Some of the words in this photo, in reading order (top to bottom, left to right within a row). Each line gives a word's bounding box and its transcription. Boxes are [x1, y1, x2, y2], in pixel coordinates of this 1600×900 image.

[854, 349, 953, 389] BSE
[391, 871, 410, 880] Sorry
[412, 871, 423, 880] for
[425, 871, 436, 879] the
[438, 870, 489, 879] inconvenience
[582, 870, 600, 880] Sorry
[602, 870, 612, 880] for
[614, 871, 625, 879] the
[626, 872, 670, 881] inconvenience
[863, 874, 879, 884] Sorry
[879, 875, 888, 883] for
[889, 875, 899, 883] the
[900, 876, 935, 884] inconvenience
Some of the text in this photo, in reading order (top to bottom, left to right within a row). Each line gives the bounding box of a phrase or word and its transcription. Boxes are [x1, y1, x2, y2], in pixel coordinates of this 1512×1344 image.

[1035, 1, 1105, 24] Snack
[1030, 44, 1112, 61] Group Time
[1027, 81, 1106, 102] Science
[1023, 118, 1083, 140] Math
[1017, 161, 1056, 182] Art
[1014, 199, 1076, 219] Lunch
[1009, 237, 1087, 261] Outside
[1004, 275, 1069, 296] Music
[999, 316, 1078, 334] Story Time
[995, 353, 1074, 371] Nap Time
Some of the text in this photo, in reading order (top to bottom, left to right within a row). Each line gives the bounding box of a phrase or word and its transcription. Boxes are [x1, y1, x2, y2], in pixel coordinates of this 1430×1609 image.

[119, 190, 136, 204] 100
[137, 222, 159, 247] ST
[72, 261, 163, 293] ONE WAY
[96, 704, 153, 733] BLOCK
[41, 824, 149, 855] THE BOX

◇ ◇ ◇ ◇ ◇ ◇ ◇

### Directions:
Would you transcribe the entries above exactly as they appear?

### Response for this exercise:
Some of the words in this photo, in reading order (top to bottom, left to right within a row). Each line gives a word's bounding box and its transcription. Boxes are [x1, y1, x2, y2], in pixel coordinates of this 1600×900 image.

[854, 349, 953, 389] BSE
[391, 871, 410, 880] Sorry
[412, 871, 423, 880] for
[425, 871, 436, 879] the
[438, 870, 489, 879] inconvenience
[582, 870, 600, 880] Sorry
[602, 870, 612, 880] for
[614, 871, 625, 879] the
[626, 872, 670, 881] inconvenience
[863, 874, 879, 884] Sorry
[879, 875, 888, 883] for
[889, 875, 899, 883] the
[900, 876, 935, 884] inconvenience
Some of the text in this photo, in reading order (top to bottom, left to right within a row). Each line gives the bounding box of a phrase or word and its transcription. Boxes are [x1, y1, x2, y2], in pixel coordinates of this 1512×1344 image.

[1035, 1, 1105, 24] Snack
[1030, 44, 1112, 61] Group Time
[1027, 81, 1106, 102] Science
[1023, 118, 1083, 140] Math
[1017, 161, 1056, 182] Art
[1014, 199, 1076, 219] Lunch
[1009, 237, 1087, 261] Outside
[1004, 275, 1069, 296] Music
[999, 316, 1078, 334] Story Time
[995, 353, 1074, 371] Nap Time
Some of the text in this photo, in reading order (top to bottom, left to right within a row). Each line gives the bounding box of a phrase or word and its transcription. Boxes are [x1, y1, x2, y2], in pixel coordinates of this 1430×1609 image.

[119, 190, 136, 204] 100
[137, 222, 159, 247] ST
[72, 261, 163, 293] ONE WAY
[96, 704, 153, 733] BLOCK
[41, 824, 149, 855] THE BOX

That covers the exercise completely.